The ForgeRock Identity Gateway provides a full suite of capabilities required to enforce FAPI-grade security within the providers' existing ecosystem and API architecture, enabling single sign-on (SSO) and sign-out experiences while significantly reducing the risk of denial-of-service (DDoS) attacks through fine-grained authorization. This is achieved through sophisticated authentication filters that enable the APIs to be protected by JSON Web Tokens, OAuth 2.0 and OIDC standards. The latter capability helps providers ensure a consistent level of service by throttling API access based on business requirements, with configurable parameters for setting limits for time, day, week, user, domain, IP address, and/or subscription levels.

Throttling helps providers to regulate fluctuations in API traffic volume to identify and counteract malicious DDoS attacks, by extending authorization capabilities of the ForgeRock Identity Gateway as an independent policy enforcement built on OAuth 2.0 and SAML standards. This capability also helps providers to accelerate their API configuration workloads with a powerful design studio that lets developers configure ForgeRock Identity Gateway into a test or production environment only once, thereby saving precious time and resources. Drawing analogy to a plumbing system, ForgeRock Identity Gateway provides skilled trade professionals with the capability to control inflow, outflow, and retention of water within given sections of the end-to-end water system, while giving them the ability to monitor flow metrics in real-time.

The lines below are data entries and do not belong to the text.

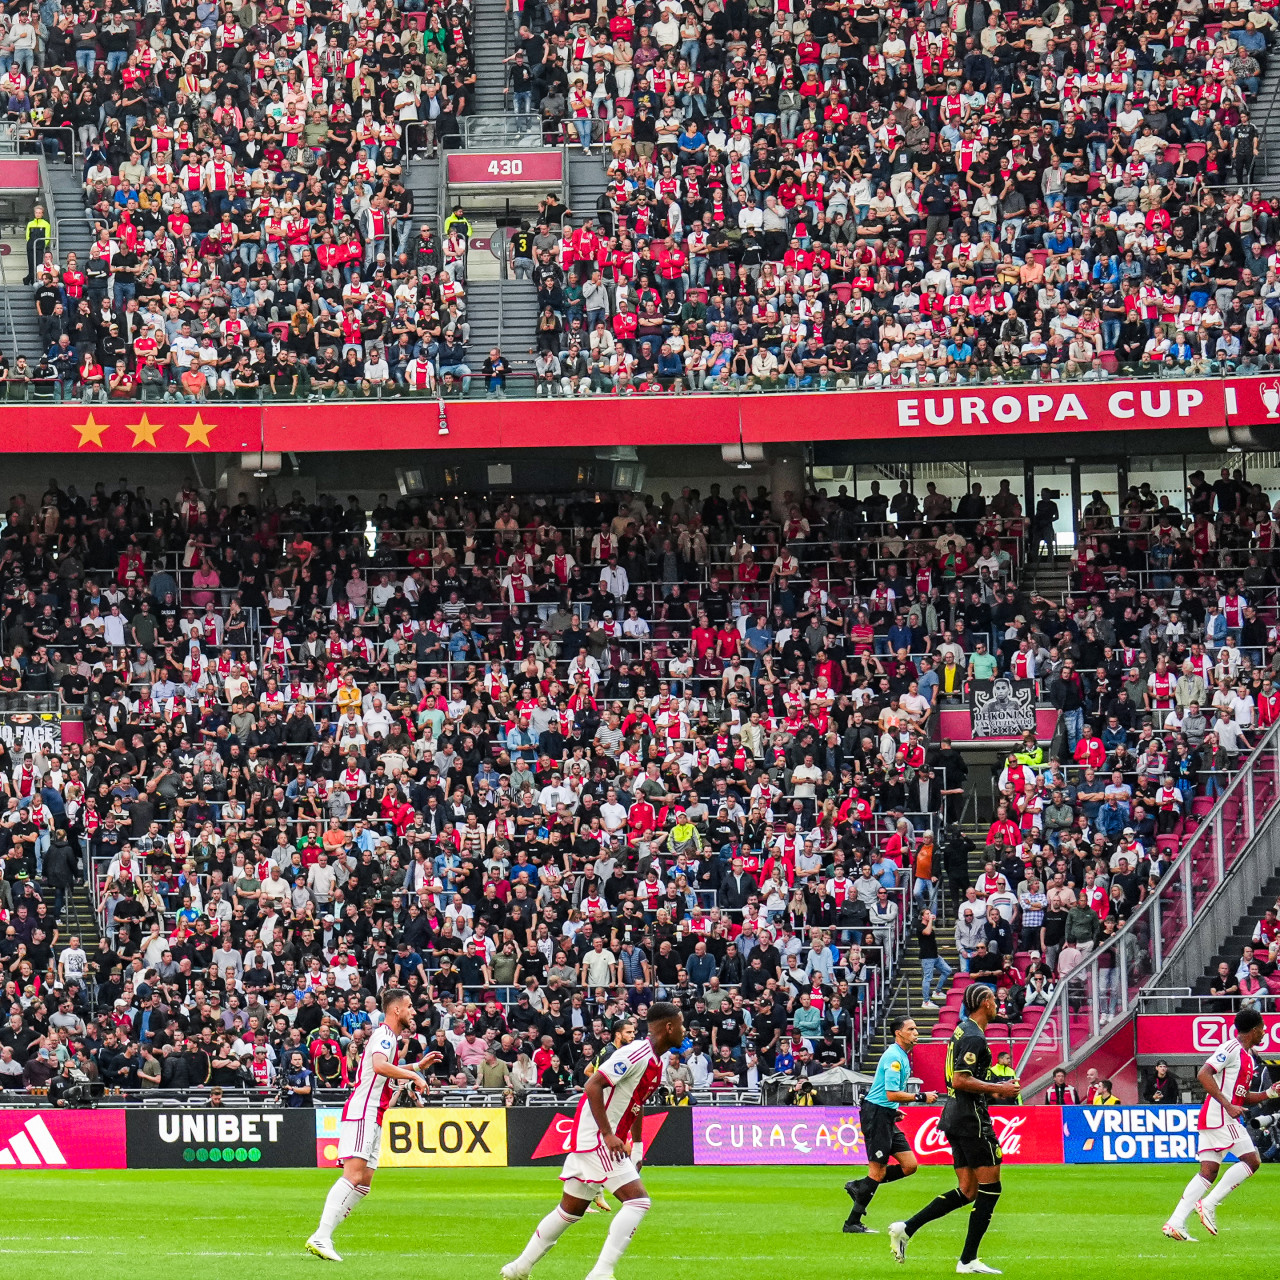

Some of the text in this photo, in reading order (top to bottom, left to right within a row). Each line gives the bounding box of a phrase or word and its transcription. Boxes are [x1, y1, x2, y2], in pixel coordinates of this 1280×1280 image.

[488, 159, 523, 175] 430
[519, 239, 527, 251] 3
[897, 387, 1237, 427] EUROPA CUP I
[975, 710, 1033, 721] DE KONING
[158, 1114, 284, 1143] UNIBET
[1083, 1109, 1199, 1133] VRIENDE
[390, 1120, 491, 1154] BLOX
[705, 1123, 858, 1154] CURAÇAO
[1103, 1134, 1197, 1161] LOTERI

Secure FAPIs are critical in highly regulated and secured industries such as financial services and healthcare, ensuring that data is protected at rest and in transit while being transmitted across API endpoints. Identity-enabled FAPIs have been particularly critical in the development of highly regulated Open Banking and Open Finance systems in the United Kingdom, European Union, and Australia. The ForgeRock open source Secure API Gateway for Open Banking (SAPI-G), helps financial service providers and their trusted third-party providers (TPPs) achieve compliance with PSD2 (and soon-to-be PSD3/PSR1), FAPI specifications, and Open Banking API requirements. These, in turn, enable financial service providers to deepen relationships with their customers through personalization, up-sell, and trust assurance, while their personal financial data is opened up to TPPs in exchange for revenue-generating services.

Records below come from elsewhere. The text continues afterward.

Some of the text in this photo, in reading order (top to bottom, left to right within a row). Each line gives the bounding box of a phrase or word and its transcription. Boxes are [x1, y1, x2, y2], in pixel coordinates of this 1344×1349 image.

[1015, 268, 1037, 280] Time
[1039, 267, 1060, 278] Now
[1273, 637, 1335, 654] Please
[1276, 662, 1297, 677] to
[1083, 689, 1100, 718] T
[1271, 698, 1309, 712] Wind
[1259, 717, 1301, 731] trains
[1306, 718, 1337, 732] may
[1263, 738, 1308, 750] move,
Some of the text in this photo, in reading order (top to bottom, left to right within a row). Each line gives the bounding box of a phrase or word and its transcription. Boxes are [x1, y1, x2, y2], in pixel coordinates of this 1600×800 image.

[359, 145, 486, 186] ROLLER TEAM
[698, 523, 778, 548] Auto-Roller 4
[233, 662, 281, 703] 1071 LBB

The ForgeRock Secure API Gateway for Open Banking helps financial services providers deliver both test and production Open Banking and custom APIs from one framework, enforced by the ForgeRock Identity Platform. Building Open Banking and custom APIs can now be done in weeks, not months or years, producing significant cost savings for the said providers. ForgeRock has worked closely with the Open Banking Implementation Entity (OBIE; now Open Banking Limited) to deliver a comprehensive range of test APIs aligned with the UK Open Banking API specifications, and continues to offer the service to other banks interested in accelerating their Open Banking investments.

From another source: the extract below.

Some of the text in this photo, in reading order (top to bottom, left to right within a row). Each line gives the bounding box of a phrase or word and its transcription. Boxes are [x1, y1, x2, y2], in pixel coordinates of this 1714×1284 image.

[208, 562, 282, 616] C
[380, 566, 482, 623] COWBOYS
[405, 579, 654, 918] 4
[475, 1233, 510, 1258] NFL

Securing APIs with modern IAM capabilities is increasingly important with the wider API economy. Indeed, the API management market alone is estimated to be worth $41.5 billion by 2030 with a 34.5% compound annual growth rate (CAGR). Financial-grade APIs, or FAPIs, are also seen as a critical driver of the embedded finance (worth an estimated $7 trillion by 2030), Open Banking (worth an estimated $20.1 billion in 2022 with a 27.2% CAGR), and Open Finance (worth an estimated $41.4 billion with a 24.4% CAGR) opportunities world-wide. Without secure, identity-enabled APIs, providers would be unable to expand both their internal (connecting multiple identity-dependent systems and data sources) and external (connecting multiple TPP systems and data sources) ecosystems, and thus unable to compete in an increasingly digital age. Harnessing identity-enabled secure APIs helps providers open up and accelerate new revenue streams, mitigate account takeover (consumer-facing APIs) and unauthorized access risks (workforce-facing APIs), and achieving regulatory compliance while significantly reducing total costs of ownership (TCO).